#### Given entries ####
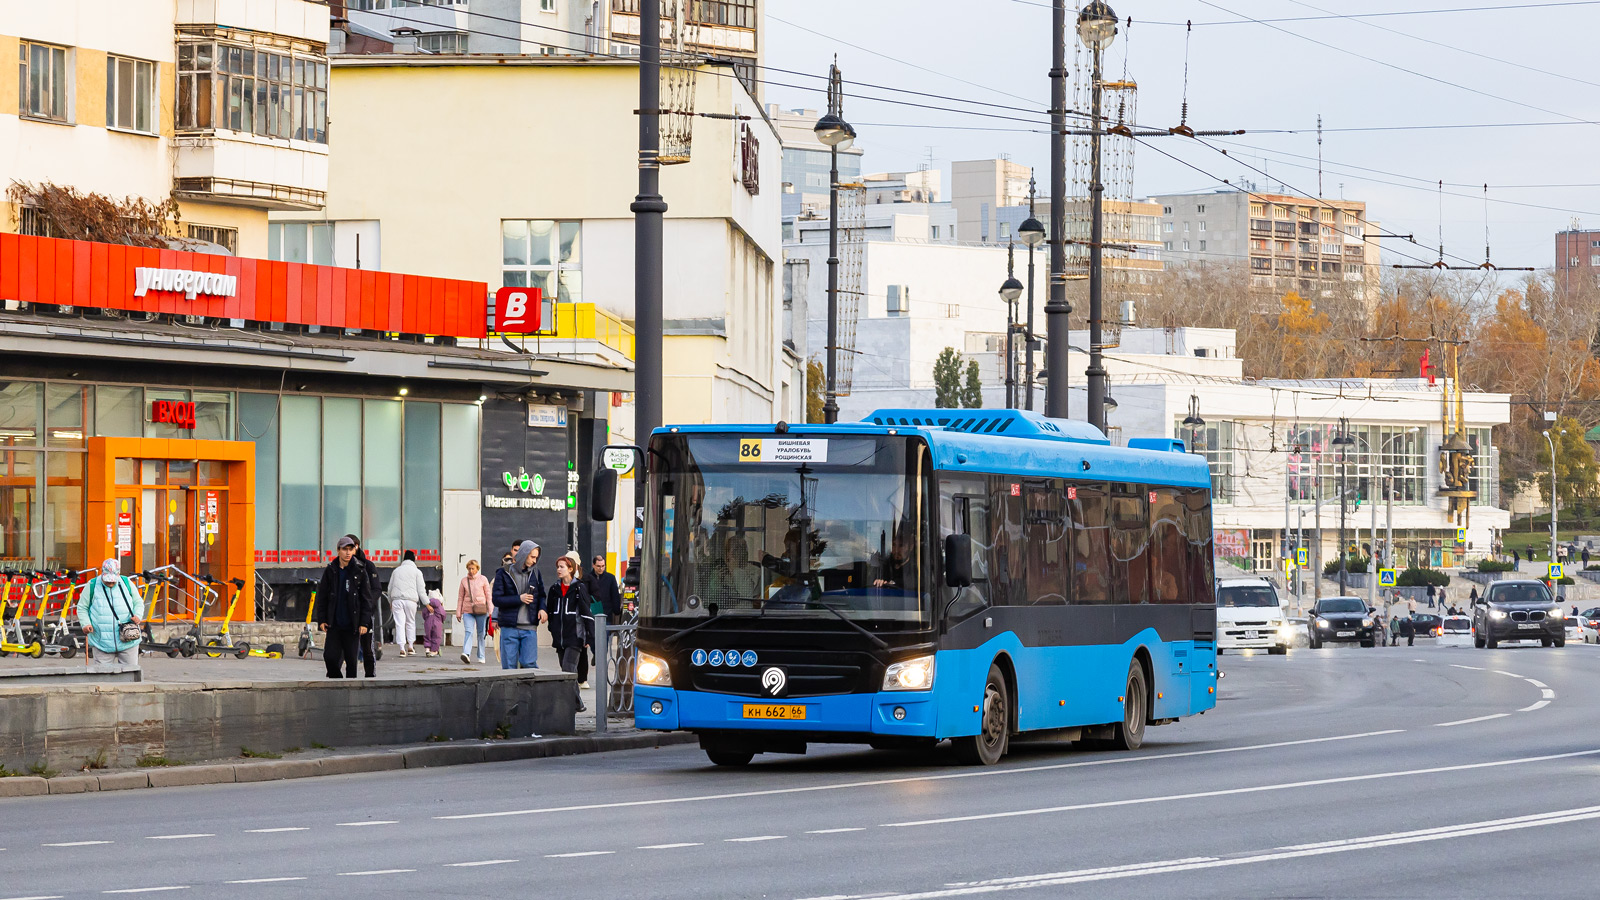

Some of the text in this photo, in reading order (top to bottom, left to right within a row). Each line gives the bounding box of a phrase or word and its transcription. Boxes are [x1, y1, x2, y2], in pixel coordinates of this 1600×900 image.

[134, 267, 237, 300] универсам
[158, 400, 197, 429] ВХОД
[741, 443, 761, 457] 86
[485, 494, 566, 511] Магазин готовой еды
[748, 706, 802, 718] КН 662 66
####
Task directions: Your reply must reproduce all of the entries exactly and contain no pictures.

Exercise response:
Some of the text in this photo, in reading order (top to bottom, left to right within a row). Each line gives the bounding box of a phrase or word and its transcription. Boxes are [x1, y1, x2, y2], in pixel coordinates of this 1600×900 image.

[134, 267, 237, 300] универсам
[158, 400, 197, 429] ВХОД
[741, 443, 761, 457] 86
[485, 494, 566, 511] Магазин готовой еды
[748, 706, 802, 718] КН 662 66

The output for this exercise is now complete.